Your instructions: Copy each of the entries below faithfully, setting aside any pictures.

Spatial localization data
========================

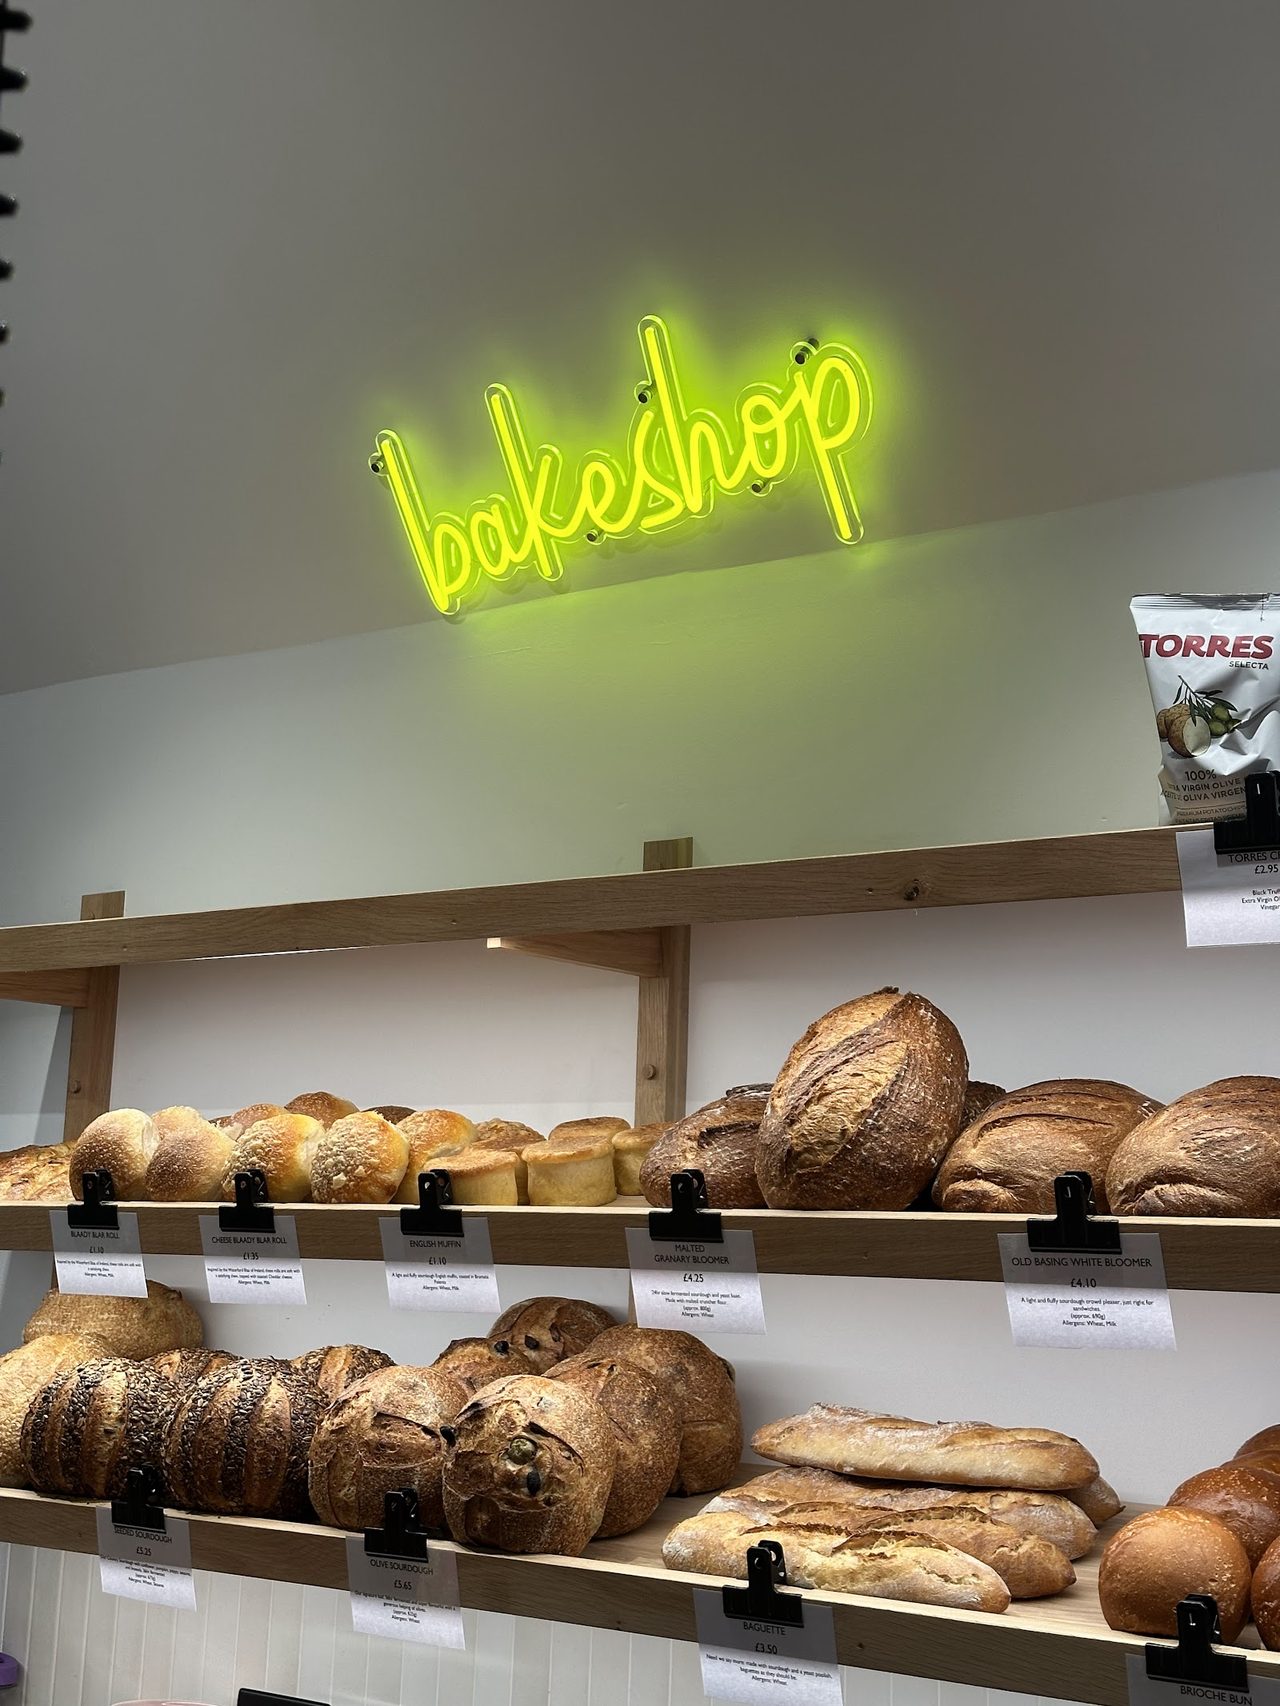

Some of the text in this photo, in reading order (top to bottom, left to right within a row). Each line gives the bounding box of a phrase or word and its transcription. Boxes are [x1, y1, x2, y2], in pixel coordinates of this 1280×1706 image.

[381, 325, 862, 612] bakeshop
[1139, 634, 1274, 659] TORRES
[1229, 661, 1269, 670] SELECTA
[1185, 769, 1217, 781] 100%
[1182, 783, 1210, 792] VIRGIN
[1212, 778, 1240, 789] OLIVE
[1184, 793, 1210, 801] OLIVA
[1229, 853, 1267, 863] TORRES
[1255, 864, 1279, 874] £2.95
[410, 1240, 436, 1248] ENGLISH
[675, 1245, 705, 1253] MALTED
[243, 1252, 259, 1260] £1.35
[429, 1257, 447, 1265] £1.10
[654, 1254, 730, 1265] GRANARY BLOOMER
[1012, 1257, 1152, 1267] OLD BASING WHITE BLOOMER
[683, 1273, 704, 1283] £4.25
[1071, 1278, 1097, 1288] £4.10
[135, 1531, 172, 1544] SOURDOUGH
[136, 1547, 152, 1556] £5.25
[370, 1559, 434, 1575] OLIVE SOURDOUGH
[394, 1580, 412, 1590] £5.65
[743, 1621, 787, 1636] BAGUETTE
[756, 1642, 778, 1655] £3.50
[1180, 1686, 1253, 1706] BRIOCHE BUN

========================

Task output:
Some of the text in this photo, in reading order (top to bottom, left to right within a row). Each line gives the bounding box of a phrase or word and its transcription. Boxes are [x1, y1, x2, y2], in pixel coordinates of this 1280×1706 image.

[381, 325, 862, 612] bakeshop
[1139, 634, 1274, 659] TORRES
[1229, 661, 1269, 670] SELECTA
[1185, 769, 1217, 781] 100%
[1182, 783, 1210, 792] VIRGIN
[1212, 778, 1240, 789] OLIVE
[1184, 793, 1210, 801] OLIVA
[1229, 853, 1267, 863] TORRES
[1255, 864, 1279, 874] £2.95
[410, 1240, 436, 1248] ENGLISH
[675, 1245, 705, 1253] MALTED
[243, 1252, 259, 1260] £1.35
[429, 1257, 447, 1265] £1.10
[654, 1254, 730, 1265] GRANARY BLOOMER
[1012, 1257, 1152, 1267] OLD BASING WHITE BLOOMER
[683, 1273, 704, 1283] £4.25
[1071, 1278, 1097, 1288] £4.10
[135, 1531, 172, 1544] SOURDOUGH
[136, 1547, 152, 1556] £5.25
[370, 1559, 434, 1575] OLIVE SOURDOUGH
[394, 1580, 412, 1590] £5.65
[743, 1621, 787, 1636] BAGUETTE
[756, 1642, 778, 1655] £3.50
[1180, 1686, 1253, 1706] BRIOCHE BUN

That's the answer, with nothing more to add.